* Exercise: Copy all the records exactly; the complete set is the expected result.

(Saved data entries)

=-=-=

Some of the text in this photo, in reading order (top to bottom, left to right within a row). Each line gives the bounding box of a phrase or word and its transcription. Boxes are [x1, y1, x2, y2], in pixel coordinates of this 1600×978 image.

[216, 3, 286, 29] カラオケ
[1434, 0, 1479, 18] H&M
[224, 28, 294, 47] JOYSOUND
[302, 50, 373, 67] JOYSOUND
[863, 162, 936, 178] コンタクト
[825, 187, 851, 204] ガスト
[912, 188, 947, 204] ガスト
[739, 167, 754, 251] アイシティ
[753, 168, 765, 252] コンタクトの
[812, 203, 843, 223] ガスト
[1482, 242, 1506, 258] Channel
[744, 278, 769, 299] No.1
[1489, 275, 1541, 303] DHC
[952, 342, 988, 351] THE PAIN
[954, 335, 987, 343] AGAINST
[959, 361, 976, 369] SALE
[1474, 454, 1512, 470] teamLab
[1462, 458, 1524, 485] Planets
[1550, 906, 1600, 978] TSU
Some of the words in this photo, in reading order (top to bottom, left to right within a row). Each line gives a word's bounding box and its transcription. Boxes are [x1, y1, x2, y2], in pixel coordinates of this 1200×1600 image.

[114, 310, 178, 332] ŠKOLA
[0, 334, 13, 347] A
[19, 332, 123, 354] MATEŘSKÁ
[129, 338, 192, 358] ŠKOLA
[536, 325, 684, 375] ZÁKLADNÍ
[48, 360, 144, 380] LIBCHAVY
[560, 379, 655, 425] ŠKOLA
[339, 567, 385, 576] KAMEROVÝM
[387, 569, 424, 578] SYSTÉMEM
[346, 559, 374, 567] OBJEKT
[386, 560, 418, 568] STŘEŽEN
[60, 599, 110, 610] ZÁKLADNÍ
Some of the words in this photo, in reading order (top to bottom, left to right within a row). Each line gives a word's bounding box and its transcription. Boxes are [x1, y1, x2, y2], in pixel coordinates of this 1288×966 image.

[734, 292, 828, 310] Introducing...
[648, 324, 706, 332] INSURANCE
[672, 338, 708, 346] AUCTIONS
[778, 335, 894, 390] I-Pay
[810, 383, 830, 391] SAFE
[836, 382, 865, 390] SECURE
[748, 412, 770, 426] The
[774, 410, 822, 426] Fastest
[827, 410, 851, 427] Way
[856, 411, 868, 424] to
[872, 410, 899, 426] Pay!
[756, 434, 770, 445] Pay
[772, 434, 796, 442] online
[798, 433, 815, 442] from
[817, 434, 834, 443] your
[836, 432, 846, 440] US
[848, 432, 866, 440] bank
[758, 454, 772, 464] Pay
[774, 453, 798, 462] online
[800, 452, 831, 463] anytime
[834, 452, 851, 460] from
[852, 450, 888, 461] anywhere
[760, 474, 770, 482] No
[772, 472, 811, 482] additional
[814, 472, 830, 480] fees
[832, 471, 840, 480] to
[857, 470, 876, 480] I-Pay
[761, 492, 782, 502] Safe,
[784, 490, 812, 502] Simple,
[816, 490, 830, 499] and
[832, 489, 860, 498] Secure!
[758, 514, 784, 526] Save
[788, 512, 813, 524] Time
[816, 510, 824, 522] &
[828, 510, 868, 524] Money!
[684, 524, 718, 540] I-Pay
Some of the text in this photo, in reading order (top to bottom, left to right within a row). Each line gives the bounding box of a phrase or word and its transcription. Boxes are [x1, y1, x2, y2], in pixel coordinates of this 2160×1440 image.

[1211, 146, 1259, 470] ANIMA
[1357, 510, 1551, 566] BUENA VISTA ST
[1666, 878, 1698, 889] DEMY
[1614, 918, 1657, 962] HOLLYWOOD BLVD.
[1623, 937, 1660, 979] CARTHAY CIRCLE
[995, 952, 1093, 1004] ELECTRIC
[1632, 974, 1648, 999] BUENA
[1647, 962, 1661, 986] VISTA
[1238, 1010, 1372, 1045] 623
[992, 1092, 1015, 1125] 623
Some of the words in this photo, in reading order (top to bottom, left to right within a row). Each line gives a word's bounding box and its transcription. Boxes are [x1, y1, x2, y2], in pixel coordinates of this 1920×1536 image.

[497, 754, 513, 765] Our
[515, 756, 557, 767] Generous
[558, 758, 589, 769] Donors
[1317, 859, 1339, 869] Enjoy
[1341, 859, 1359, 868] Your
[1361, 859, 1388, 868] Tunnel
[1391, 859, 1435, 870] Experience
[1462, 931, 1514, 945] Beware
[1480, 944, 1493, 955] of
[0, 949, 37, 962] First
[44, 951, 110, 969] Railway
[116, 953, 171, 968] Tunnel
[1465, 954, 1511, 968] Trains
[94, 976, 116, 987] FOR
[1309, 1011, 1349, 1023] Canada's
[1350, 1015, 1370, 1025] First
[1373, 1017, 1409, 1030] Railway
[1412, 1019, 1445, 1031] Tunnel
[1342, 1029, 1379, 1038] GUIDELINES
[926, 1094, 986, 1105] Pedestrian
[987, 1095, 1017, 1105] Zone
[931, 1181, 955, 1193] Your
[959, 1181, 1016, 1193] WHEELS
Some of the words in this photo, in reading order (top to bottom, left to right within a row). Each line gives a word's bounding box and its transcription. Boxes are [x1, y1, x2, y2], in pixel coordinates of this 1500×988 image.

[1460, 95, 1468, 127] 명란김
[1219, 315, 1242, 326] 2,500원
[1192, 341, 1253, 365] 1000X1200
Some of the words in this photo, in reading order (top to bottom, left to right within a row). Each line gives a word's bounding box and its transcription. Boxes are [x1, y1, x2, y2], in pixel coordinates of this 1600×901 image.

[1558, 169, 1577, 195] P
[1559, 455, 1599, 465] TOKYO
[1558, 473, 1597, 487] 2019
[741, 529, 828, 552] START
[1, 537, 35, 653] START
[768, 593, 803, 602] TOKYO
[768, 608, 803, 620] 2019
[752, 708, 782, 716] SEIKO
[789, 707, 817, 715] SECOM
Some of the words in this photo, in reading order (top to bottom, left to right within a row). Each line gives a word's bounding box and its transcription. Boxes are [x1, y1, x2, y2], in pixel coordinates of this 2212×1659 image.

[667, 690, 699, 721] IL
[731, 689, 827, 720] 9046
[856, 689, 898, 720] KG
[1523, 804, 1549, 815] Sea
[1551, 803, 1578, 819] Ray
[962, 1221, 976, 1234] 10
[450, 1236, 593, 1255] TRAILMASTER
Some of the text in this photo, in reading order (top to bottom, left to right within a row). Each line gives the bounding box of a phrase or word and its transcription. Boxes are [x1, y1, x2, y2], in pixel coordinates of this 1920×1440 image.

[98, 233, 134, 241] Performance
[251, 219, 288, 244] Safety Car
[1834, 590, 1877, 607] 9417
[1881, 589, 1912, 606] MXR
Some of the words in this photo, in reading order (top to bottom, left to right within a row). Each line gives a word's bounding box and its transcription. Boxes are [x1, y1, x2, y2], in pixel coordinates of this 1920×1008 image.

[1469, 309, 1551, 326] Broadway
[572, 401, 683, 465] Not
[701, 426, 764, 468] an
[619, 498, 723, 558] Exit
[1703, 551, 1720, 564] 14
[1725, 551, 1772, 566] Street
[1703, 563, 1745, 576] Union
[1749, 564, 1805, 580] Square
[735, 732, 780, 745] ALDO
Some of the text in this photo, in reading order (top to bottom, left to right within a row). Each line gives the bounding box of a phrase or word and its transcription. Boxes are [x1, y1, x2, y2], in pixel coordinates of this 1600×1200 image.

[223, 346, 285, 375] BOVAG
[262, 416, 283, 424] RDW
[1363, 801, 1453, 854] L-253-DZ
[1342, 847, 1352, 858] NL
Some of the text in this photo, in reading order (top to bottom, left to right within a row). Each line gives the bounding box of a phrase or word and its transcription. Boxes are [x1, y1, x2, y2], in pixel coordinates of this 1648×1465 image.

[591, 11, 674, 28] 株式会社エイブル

=-=-=

* Output:
Some of the text in this photo, in reading order (top to bottom, left to right within a row). Each line gives the bounding box of a phrase or word and its transcription. Boxes are [x1, y1, x2, y2], in pixel coordinates of this 1600×978 image.

[216, 3, 286, 29] カラオケ
[1434, 0, 1479, 18] H&M
[224, 28, 294, 47] JOYSOUND
[302, 50, 373, 67] JOYSOUND
[863, 162, 936, 178] コンタクト
[825, 187, 851, 204] ガスト
[912, 188, 947, 204] ガスト
[739, 167, 754, 251] アイシティ
[753, 168, 765, 252] コンタクトの
[812, 203, 843, 223] ガスト
[1482, 242, 1506, 258] Channel
[744, 278, 769, 299] No.1
[1489, 275, 1541, 303] DHC
[952, 342, 988, 351] THE PAIN
[954, 335, 987, 343] AGAINST
[959, 361, 976, 369] SALE
[1474, 454, 1512, 470] teamLab
[1462, 458, 1524, 485] Planets
[1550, 906, 1600, 978] TSU
Some of the words in this photo, in reading order (top to bottom, left to right within a row). Each line gives a word's bounding box and its transcription. Boxes are [x1, y1, x2, y2], in pixel coordinates of this 1200×1600 image.

[114, 310, 178, 332] ŠKOLA
[0, 334, 13, 347] A
[19, 332, 123, 354] MATEŘSKÁ
[129, 338, 192, 358] ŠKOLA
[536, 325, 684, 375] ZÁKLADNÍ
[48, 360, 144, 380] LIBCHAVY
[560, 379, 655, 425] ŠKOLA
[339, 567, 385, 576] KAMEROVÝM
[387, 569, 424, 578] SYSTÉMEM
[346, 559, 374, 567] OBJEKT
[386, 560, 418, 568] STŘEŽEN
[60, 599, 110, 610] ZÁKLADNÍ
Some of the words in this photo, in reading order (top to bottom, left to right within a row). Each line gives a word's bounding box and its transcription. Boxes are [x1, y1, x2, y2], in pixel coordinates of this 1288×966 image.

[734, 292, 828, 310] Introducing...
[648, 324, 706, 332] INSURANCE
[672, 338, 708, 346] AUCTIONS
[778, 335, 894, 390] I-Pay
[810, 383, 830, 391] SAFE
[836, 382, 865, 390] SECURE
[748, 412, 770, 426] The
[774, 410, 822, 426] Fastest
[827, 410, 851, 427] Way
[856, 411, 868, 424] to
[872, 410, 899, 426] Pay!
[756, 434, 770, 445] Pay
[772, 434, 796, 442] online
[798, 433, 815, 442] from
[817, 434, 834, 443] your
[836, 432, 846, 440] US
[848, 432, 866, 440] bank
[758, 454, 772, 464] Pay
[774, 453, 798, 462] online
[800, 452, 831, 463] anytime
[834, 452, 851, 460] from
[852, 450, 888, 461] anywhere
[760, 474, 770, 482] No
[772, 472, 811, 482] additional
[814, 472, 830, 480] fees
[832, 471, 840, 480] to
[857, 470, 876, 480] I-Pay
[761, 492, 782, 502] Safe,
[784, 490, 812, 502] Simple,
[816, 490, 830, 499] and
[832, 489, 860, 498] Secure!
[758, 514, 784, 526] Save
[788, 512, 813, 524] Time
[816, 510, 824, 522] &
[828, 510, 868, 524] Money!
[684, 524, 718, 540] I-Pay
Some of the text in this photo, in reading order (top to bottom, left to right within a row). Each line gives the bounding box of a phrase or word and its transcription. Boxes are [x1, y1, x2, y2], in pixel coordinates of this 2160×1440 image.

[1211, 146, 1259, 470] ANIMA
[1357, 510, 1551, 566] BUENA VISTA ST
[1666, 878, 1698, 889] DEMY
[1614, 918, 1657, 962] HOLLYWOOD BLVD.
[1623, 937, 1660, 979] CARTHAY CIRCLE
[995, 952, 1093, 1004] ELECTRIC
[1632, 974, 1648, 999] BUENA
[1647, 962, 1661, 986] VISTA
[1238, 1010, 1372, 1045] 623
[992, 1092, 1015, 1125] 623
Some of the words in this photo, in reading order (top to bottom, left to right within a row). Each line gives a word's bounding box and its transcription. Boxes are [x1, y1, x2, y2], in pixel coordinates of this 1920×1536 image.

[497, 754, 513, 765] Our
[515, 756, 557, 767] Generous
[558, 758, 589, 769] Donors
[1317, 859, 1339, 869] Enjoy
[1341, 859, 1359, 868] Your
[1361, 859, 1388, 868] Tunnel
[1391, 859, 1435, 870] Experience
[1462, 931, 1514, 945] Beware
[1480, 944, 1493, 955] of
[0, 949, 37, 962] First
[44, 951, 110, 969] Railway
[116, 953, 171, 968] Tunnel
[1465, 954, 1511, 968] Trains
[94, 976, 116, 987] FOR
[1309, 1011, 1349, 1023] Canada's
[1350, 1015, 1370, 1025] First
[1373, 1017, 1409, 1030] Railway
[1412, 1019, 1445, 1031] Tunnel
[1342, 1029, 1379, 1038] GUIDELINES
[926, 1094, 986, 1105] Pedestrian
[987, 1095, 1017, 1105] Zone
[931, 1181, 955, 1193] Your
[959, 1181, 1016, 1193] WHEELS
Some of the words in this photo, in reading order (top to bottom, left to right within a row). Each line gives a word's bounding box and its transcription. Boxes are [x1, y1, x2, y2], in pixel coordinates of this 1500×988 image.

[1460, 95, 1468, 127] 명란김
[1219, 315, 1242, 326] 2,500원
[1192, 341, 1253, 365] 1000X1200
Some of the words in this photo, in reading order (top to bottom, left to right within a row). Each line gives a word's bounding box and its transcription. Boxes are [x1, y1, x2, y2], in pixel coordinates of this 1600×901 image.

[1558, 169, 1577, 195] P
[1559, 455, 1599, 465] TOKYO
[1558, 473, 1597, 487] 2019
[741, 529, 828, 552] START
[1, 537, 35, 653] START
[768, 593, 803, 602] TOKYO
[768, 608, 803, 620] 2019
[752, 708, 782, 716] SEIKO
[789, 707, 817, 715] SECOM
Some of the words in this photo, in reading order (top to bottom, left to right within a row). Each line gives a word's bounding box and its transcription. Boxes are [x1, y1, x2, y2], in pixel coordinates of this 2212×1659 image.

[667, 690, 699, 721] IL
[731, 689, 827, 720] 9046
[856, 689, 898, 720] KG
[1523, 804, 1549, 815] Sea
[1551, 803, 1578, 819] Ray
[962, 1221, 976, 1234] 10
[450, 1236, 593, 1255] TRAILMASTER
Some of the text in this photo, in reading order (top to bottom, left to right within a row). Each line gives the bounding box of a phrase or word and its transcription. Boxes are [x1, y1, x2, y2], in pixel coordinates of this 1920×1440 image.

[98, 233, 134, 241] Performance
[251, 219, 288, 244] Safety Car
[1834, 590, 1877, 607] 9417
[1881, 589, 1912, 606] MXR
Some of the words in this photo, in reading order (top to bottom, left to right within a row). Each line gives a word's bounding box and its transcription. Boxes are [x1, y1, x2, y2], in pixel coordinates of this 1920×1008 image.

[1469, 309, 1551, 326] Broadway
[572, 401, 683, 465] Not
[701, 426, 764, 468] an
[619, 498, 723, 558] Exit
[1703, 551, 1720, 564] 14
[1725, 551, 1772, 566] Street
[1703, 563, 1745, 576] Union
[1749, 564, 1805, 580] Square
[735, 732, 780, 745] ALDO
Some of the text in this photo, in reading order (top to bottom, left to right within a row). Each line gives the bounding box of a phrase or word and its transcription. Boxes are [x1, y1, x2, y2], in pixel coordinates of this 1600×1200 image.

[223, 346, 285, 375] BOVAG
[262, 416, 283, 424] RDW
[1363, 801, 1453, 854] L-253-DZ
[1342, 847, 1352, 858] NL
Some of the text in this photo, in reading order (top to bottom, left to right within a row). Each line gives the bounding box of a phrase or word and its transcription. Boxes are [x1, y1, x2, y2], in pixel coordinates of this 1648×1465 image.

[591, 11, 674, 28] 株式会社エイブル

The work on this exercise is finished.